Kay Ryan & Conrad Aiken & the Pulitzer

Yesterday, the 2011 Pulitzer Prize recipients were announced. A new poet for me to study, Kay Ryan, was awarded the prize for poetry. She's been around and writing for a while (1983), she served as U.S. Poet Laureate from 2008 to 2010, but not until now in her 65th year, is she awarded an international prize. This stuff takes some time, folks! Here, for you enjoyment, is a link to her poem, A Hundred Bolts of Satin.

In 1930, Conrad Aiken won his Pulitzer for poetry. I am familiar with the work of Aiken and I am inspired by some of his work. Yesterday, a friend shared with me an interview with Aiken that was published by The Paris Review.

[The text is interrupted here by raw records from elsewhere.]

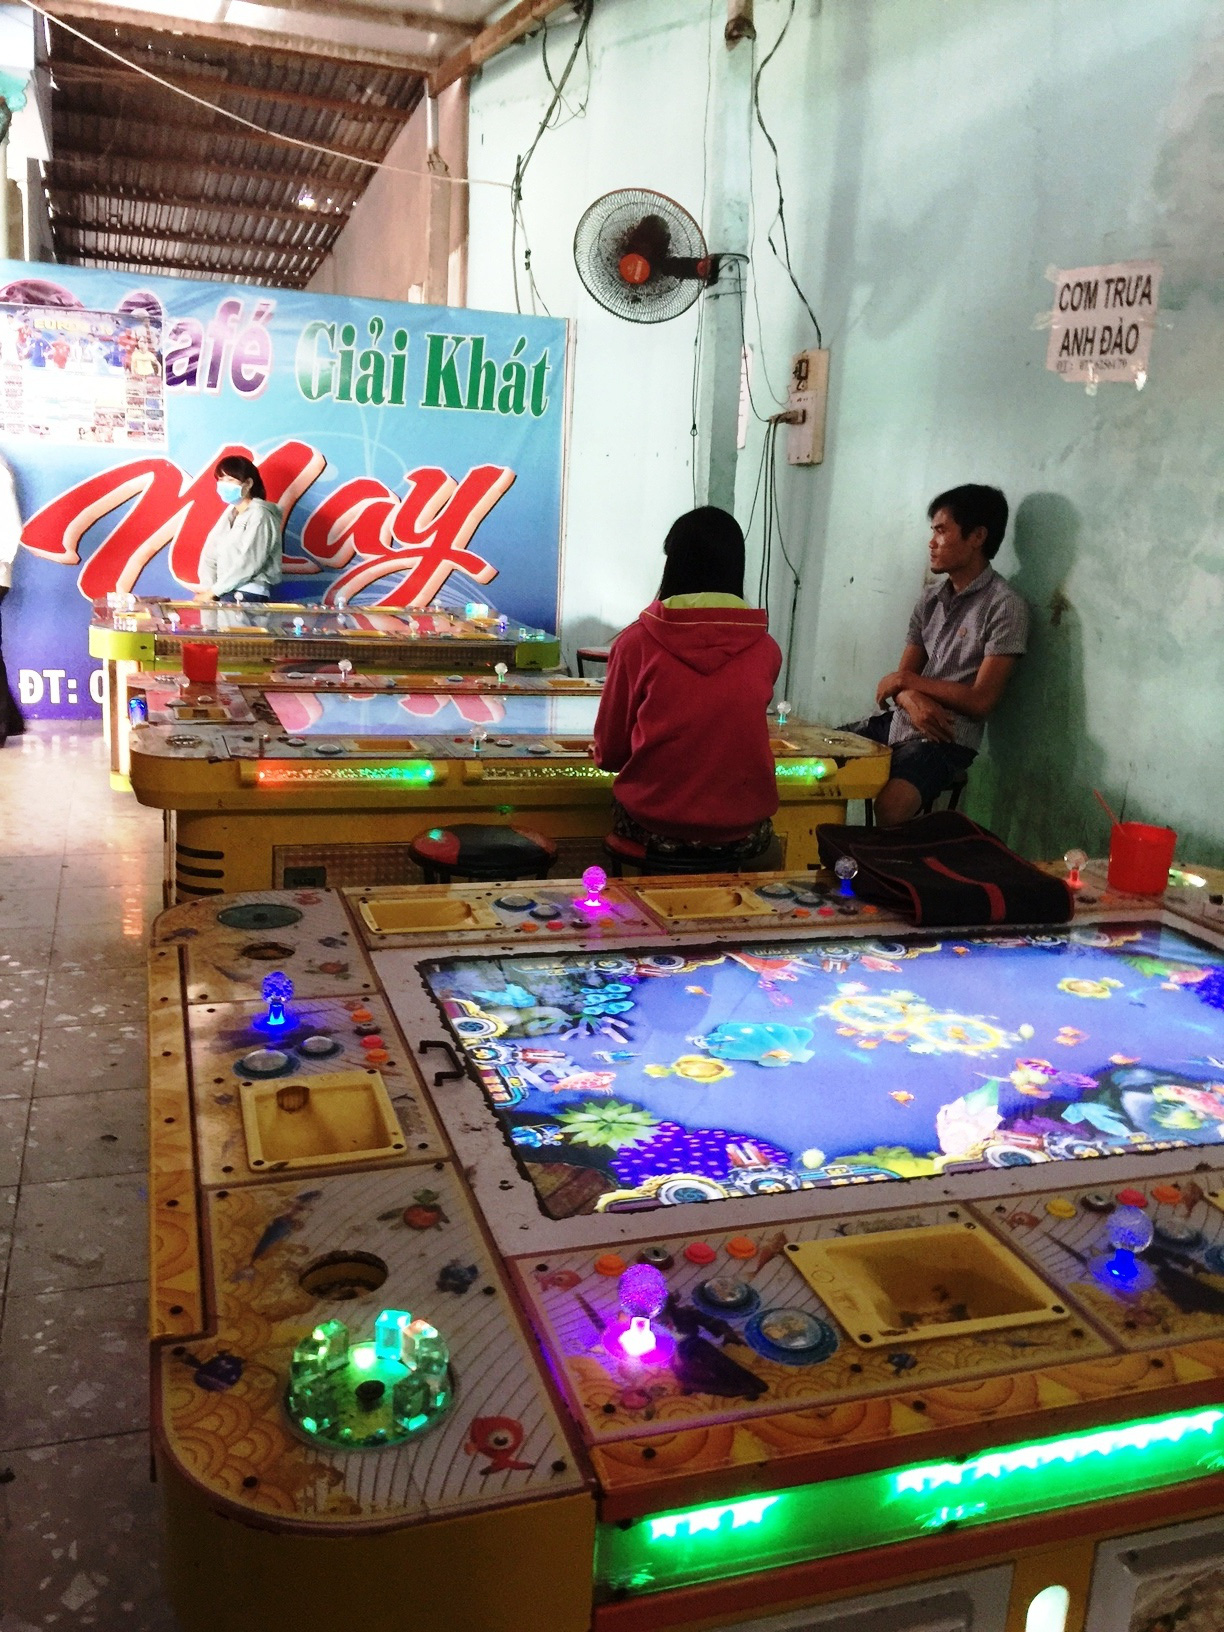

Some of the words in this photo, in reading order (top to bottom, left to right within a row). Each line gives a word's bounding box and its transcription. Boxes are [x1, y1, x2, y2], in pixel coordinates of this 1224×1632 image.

[117, 292, 275, 398] afé
[299, 317, 408, 405] Giải
[421, 333, 551, 417] Khát
[1059, 326, 1097, 357] ANH
[18, 669, 78, 704] ĐT:

This is a quote, which reminds me of my self-appointed poem-a-day challenge for this month. It is a reminder that the drudgery of trying to push it out every day, no matter what it is that you do, can be useful. Don't give up!

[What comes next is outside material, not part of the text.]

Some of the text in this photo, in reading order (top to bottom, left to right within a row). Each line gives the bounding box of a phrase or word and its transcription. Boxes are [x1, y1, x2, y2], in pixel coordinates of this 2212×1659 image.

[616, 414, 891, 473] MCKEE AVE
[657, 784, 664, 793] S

Yes. I compelled myself all through to write an exercise in verse, in a different form, every day of the year. I turned out my page every day, of some sort—I mean I didn’t give a damn about the meaning, I just wanted to master the form—all the way from free verse, Walt Whitman, to the most elaborate of villanelles and ballad forms. Very good training. I’ve always told everybody who has ever come to me that I thought that was the first thing to do. And to study all the vowel effects and all the consonant effects and the variation in vowel sounds. For example, I gave Malcolm Lowry an exercise to do at Cuernavaca, of writing ten lines of blank verse with the caesura changing one step in each line. Going forward, you see, and then reversing on itself.
INTERVIEWER
How did Lowry take to these exercises
AIKEN
Superbly. I still have a group of them sent to me at his rented house in Cuernavaca, sent to me by hand from the bar with a request for money, and in the form of a letter—and unfortunately not used in his collected letters; very fine, and very funny. As an example of his attention to vowel sounds, one line still haunts me: “Airplane or aeroplane, or just plain plane.” Couldn’t be better.